Your objective: Pictures don't belong in the copy; print all the records exactly.

──────── The records

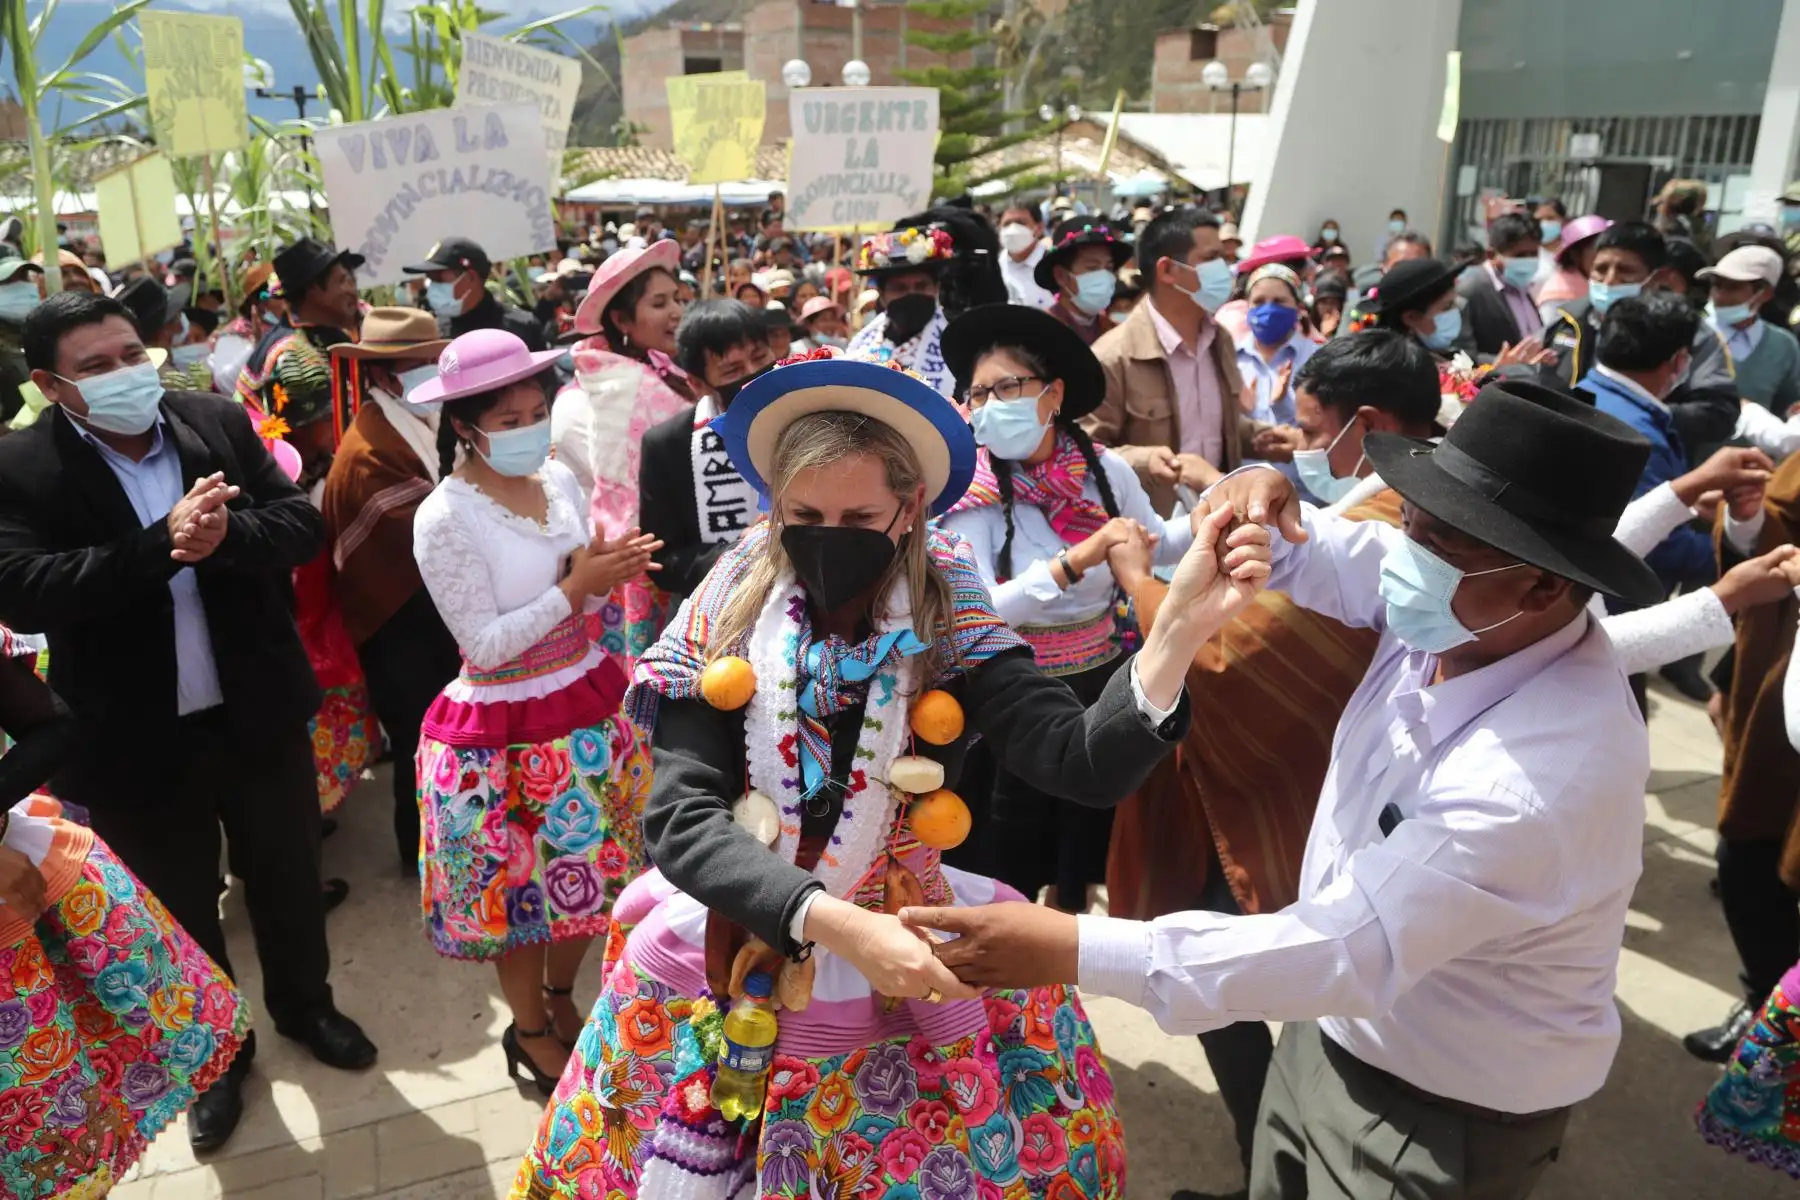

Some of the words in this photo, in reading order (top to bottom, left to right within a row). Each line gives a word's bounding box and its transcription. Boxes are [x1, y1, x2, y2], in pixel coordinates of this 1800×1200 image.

[465, 36, 562, 88] BIENVENIDA
[803, 99, 928, 134] URGENTE
[338, 123, 440, 174] VIVA
[452, 110, 509, 153] LA
[844, 136, 879, 169] LA
[832, 199, 880, 223] CION

────────────────

Answer box:
Some of the words in this photo, in reading order (top to bottom, left to right within a row). Each line gives a word's bounding box and its transcription. Boxes are [x1, y1, x2, y2], in pixel coordinates of this 1800×1200 image.

[465, 36, 562, 88] BIENVENIDA
[803, 99, 928, 134] URGENTE
[338, 123, 440, 174] VIVA
[452, 110, 509, 153] LA
[844, 136, 879, 169] LA
[832, 199, 880, 223] CION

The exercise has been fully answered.